Vu la requête de Monsieur [X] [T] en contestation de la régularité de la décision de placement en rétention administrative en date du 19 décembre 2025 réceptionnée par le greffe du juge chargé du contrôle des mesures restrictives et privatives de libertés en droit des étrangers le 19 décembre 2025 à 16h30;
Par requête du 23 Décembre 2025 reçue au greffe à 08h42, Monsieur le Préfet invoquant devoir maintenir l’intéressé au-delà de quatre-vingt-seize heures, demande l’autorisation de prolonger ce délai pour une durée de VINGT-SIX jours maximum.
En application des articles L.743-9 et L. 743-24 du Code de l’Entrée et du Séjour des Etrangers et du Droit d’Asile il a été rappelé à l’intéressé, assisté de Me Anne-Sophie CADART, avocat au Barreau de BOULOGNE-SUR-MER et commis d’office, les droits qui lui sont reconnus pendant la rétention et a été informé des possibilités et des délais de recours contre toutes les décisions le concernant ; qu’il a été entendu en ses observations.
L’intéressé déclare : Je souhaite être assisté d’un avocat. Dès qu’on m’a interpellé, j’ai dit que je voulais retourner en Allemagne. J’ai dit que je voulais aller en Grande-Bretagne mais j’ai changé d’avis. J’ai dit que j’avais une migraine et que j’avais une insuffisance cardiaque. C’est la première fois que je me retrouve en audition avec la police. J’ai vu le médecin au centre de rétention.
Me Anne-Sophie CADART entendue en ses observations : je ne soutiens pas le recours et je n’ai pas vu d’irrégularité de procédure. Monsieur a un rendez-vous le 05 janvier prochain pour le renouvellement de sa carte de séjour en Allemagne.
L’intéressé : J’ai mis au courant au CRA que j’ai une insuffisance cardiaque mais le document que je dois prendre, tous les médecins ne peuvent le donner. Mon ordonnance est restée en Allemagne. Je n’ai personne qui peut me l’amener. Je dois prendre ce médicament qu’en cas d’insuffisance.
L’avocat de la Préfecture entendu en ses observations ; constate que le recours en annulation n’est pas soutenu et je sollicite la prolongation de la rétention administrative au CRA de [Localité 4].
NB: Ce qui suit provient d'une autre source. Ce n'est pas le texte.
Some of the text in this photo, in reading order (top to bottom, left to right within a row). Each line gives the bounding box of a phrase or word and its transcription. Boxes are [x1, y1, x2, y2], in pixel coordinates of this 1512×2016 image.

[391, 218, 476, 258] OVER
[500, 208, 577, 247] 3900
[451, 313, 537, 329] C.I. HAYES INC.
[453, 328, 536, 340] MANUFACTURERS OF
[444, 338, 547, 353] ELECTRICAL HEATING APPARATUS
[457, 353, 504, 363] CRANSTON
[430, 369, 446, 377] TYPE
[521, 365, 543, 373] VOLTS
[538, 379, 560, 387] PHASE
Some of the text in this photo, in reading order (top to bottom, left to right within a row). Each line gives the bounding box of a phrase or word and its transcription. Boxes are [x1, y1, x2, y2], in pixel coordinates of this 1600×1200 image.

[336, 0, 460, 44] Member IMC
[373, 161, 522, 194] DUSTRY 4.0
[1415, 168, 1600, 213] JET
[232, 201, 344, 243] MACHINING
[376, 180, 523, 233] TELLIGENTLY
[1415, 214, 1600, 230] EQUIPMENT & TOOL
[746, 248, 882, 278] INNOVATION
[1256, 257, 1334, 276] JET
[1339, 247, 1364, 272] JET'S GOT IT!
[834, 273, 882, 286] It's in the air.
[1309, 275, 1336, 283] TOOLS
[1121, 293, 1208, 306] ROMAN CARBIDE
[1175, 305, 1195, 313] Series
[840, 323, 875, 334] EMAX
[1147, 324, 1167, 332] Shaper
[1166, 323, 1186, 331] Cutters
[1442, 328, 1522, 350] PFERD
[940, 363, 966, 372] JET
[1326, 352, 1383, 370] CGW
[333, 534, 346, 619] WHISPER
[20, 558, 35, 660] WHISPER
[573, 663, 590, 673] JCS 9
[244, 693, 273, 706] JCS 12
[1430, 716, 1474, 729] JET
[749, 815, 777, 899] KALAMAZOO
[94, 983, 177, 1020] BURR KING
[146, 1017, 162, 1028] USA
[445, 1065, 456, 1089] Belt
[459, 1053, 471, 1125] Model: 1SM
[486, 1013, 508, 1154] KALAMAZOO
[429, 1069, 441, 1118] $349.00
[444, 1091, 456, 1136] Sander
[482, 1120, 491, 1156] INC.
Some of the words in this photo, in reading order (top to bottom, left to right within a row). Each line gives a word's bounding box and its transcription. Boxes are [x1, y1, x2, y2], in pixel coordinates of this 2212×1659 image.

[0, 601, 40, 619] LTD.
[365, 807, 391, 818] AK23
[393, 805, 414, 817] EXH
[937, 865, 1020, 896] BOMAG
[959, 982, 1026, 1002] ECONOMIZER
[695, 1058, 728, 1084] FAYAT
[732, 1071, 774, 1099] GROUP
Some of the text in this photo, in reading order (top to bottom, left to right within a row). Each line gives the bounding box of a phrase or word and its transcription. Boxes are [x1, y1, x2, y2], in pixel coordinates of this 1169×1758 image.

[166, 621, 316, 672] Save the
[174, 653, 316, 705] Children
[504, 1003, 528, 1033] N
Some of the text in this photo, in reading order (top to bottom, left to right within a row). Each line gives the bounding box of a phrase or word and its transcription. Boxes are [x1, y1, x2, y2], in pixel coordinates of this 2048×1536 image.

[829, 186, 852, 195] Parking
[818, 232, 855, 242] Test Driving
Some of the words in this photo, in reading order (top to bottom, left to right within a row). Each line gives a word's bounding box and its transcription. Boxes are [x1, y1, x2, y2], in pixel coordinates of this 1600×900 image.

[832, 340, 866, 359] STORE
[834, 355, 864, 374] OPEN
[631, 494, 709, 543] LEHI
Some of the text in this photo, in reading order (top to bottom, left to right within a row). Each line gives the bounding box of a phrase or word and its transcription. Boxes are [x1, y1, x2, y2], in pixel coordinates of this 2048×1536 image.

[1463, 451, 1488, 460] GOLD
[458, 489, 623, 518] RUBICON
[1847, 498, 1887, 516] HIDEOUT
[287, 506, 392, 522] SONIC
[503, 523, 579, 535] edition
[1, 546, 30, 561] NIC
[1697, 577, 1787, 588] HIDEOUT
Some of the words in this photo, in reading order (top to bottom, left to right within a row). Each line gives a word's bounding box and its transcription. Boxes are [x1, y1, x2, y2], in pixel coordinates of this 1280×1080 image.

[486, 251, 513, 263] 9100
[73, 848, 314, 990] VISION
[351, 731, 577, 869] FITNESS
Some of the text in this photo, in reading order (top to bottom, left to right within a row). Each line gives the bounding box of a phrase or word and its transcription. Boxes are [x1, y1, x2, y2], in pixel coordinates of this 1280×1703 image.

L’intéressé : L’Allemagne a répondu. J’ai eu le papier hier.
MOTIFS
Conformément au droit communautaire, en l’absence de moyen soulevé dans le cadre d’un recours déposé en application de l’article L 741-10 du Ceseda, aucun moyen susceptible d’être relevé d’office ne paraît contraire à la prolongation de la rétention administrative.
Il résulte des éléments de la procédure que Monsieur [T] a été reconnu comme demandeur d’asile auprès des autorités autrichiennes et allemandes après consultation de la borne Eurodac.
L’administration a donc effectué une demande de reprise en charge auprès de ces Etats membres. Monsieur le préfet du Pas de [Localité 3] est dans l’attente d’une réponse.
La procédure est régulière. L’intéressé ne présente pas de garanties suffisantes pour la mise à exécution de la mesure de reconduite à la frontière, des mesures de surveillance sont nécessaires.
Eu égard aux nécessités invoquées par M. LE PREFET DU PAS DE [Localité 3], il convient de constater que le recours en annulation formé par l’intéressé n’est pas soutenu et d’accorder la prolongation demandée.
PAR CES MOTIFS
PRONONÇONS la jonction avec l’affaire n°25/05351
CONSTATONS que le recours en annulation de Monsieur [X] [T] n’est pas soutenu
AUTORISONS l’autorité administrative à retenir : Monsieur [X] [T] dans les locaux ne relevant pas de l’Administration pénitentiaire pour une prolongation de rétention administrative d’une durée maximale de VINGT-SIX JOURS à compter de l’expiration du délai de quatre-vingt-seize heures fixé à l’article L 742-1 du CESEDA
NOTIFIONS sur le champ la présente ordonnance par mail au CRA pour remise à l’intéressé qui, en émargeant ci-après, atteste avoir reçu copie et avisons l’intéressé de la possibilité de faire appel, devant le Premier Président de la Cour d’Appel ou son délégué, de la présente ordonnance dans les vingt quatre heures de son prononcé ; l’informons que la déclaration d’appel doit être motivée et peut être transmise par tout moyen (notamment par mail via la boîte structurelle : [Courriel 6] ) au greffe de la Cour d’Appel de [Localité 5] ; lui indiquons que seul l’appel formé par le ministère public peut être déclaré suspensif par le Premier Président de la Cour d’Appel ou son délégué.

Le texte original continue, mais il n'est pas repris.